(Data records)
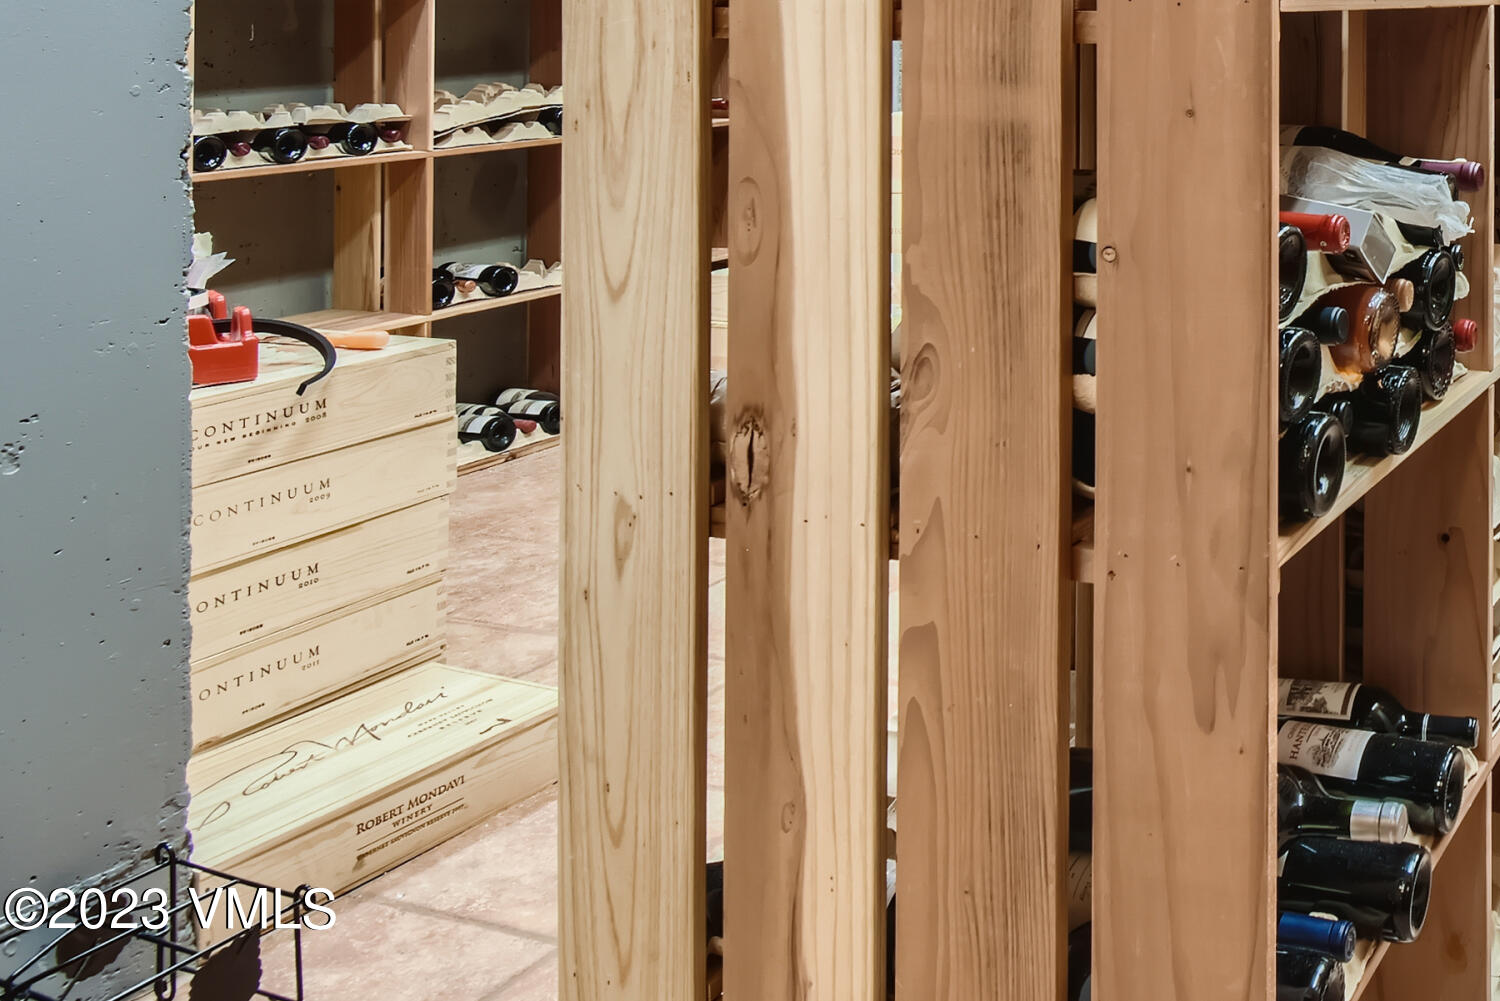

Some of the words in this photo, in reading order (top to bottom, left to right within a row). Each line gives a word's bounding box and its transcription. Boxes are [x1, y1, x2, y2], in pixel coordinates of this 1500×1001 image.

[191, 398, 327, 442] CONTINUUM
[193, 477, 331, 527] CONTINUUM
[196, 562, 319, 613] ONTINUUM
[198, 645, 320, 701] ONTINUUM
[356, 803, 404, 835] ROBERT
[407, 774, 465, 811] MONDAVI
[392, 803, 433, 828] WINERY
(End Data records)
What this task involves:
When copying the records above, please match them exactly but leave out all pictures.

Worked solution:
Some of the words in this photo, in reading order (top to bottom, left to right within a row). Each line gives a word's bounding box and its transcription. Boxes are [x1, y1, x2, y2], in pixel coordinates of this 1500×1001 image.

[191, 398, 327, 442] CONTINUUM
[193, 477, 331, 527] CONTINUUM
[196, 562, 319, 613] ONTINUUM
[198, 645, 320, 701] ONTINUUM
[356, 803, 404, 835] ROBERT
[407, 774, 465, 811] MONDAVI
[392, 803, 433, 828] WINERY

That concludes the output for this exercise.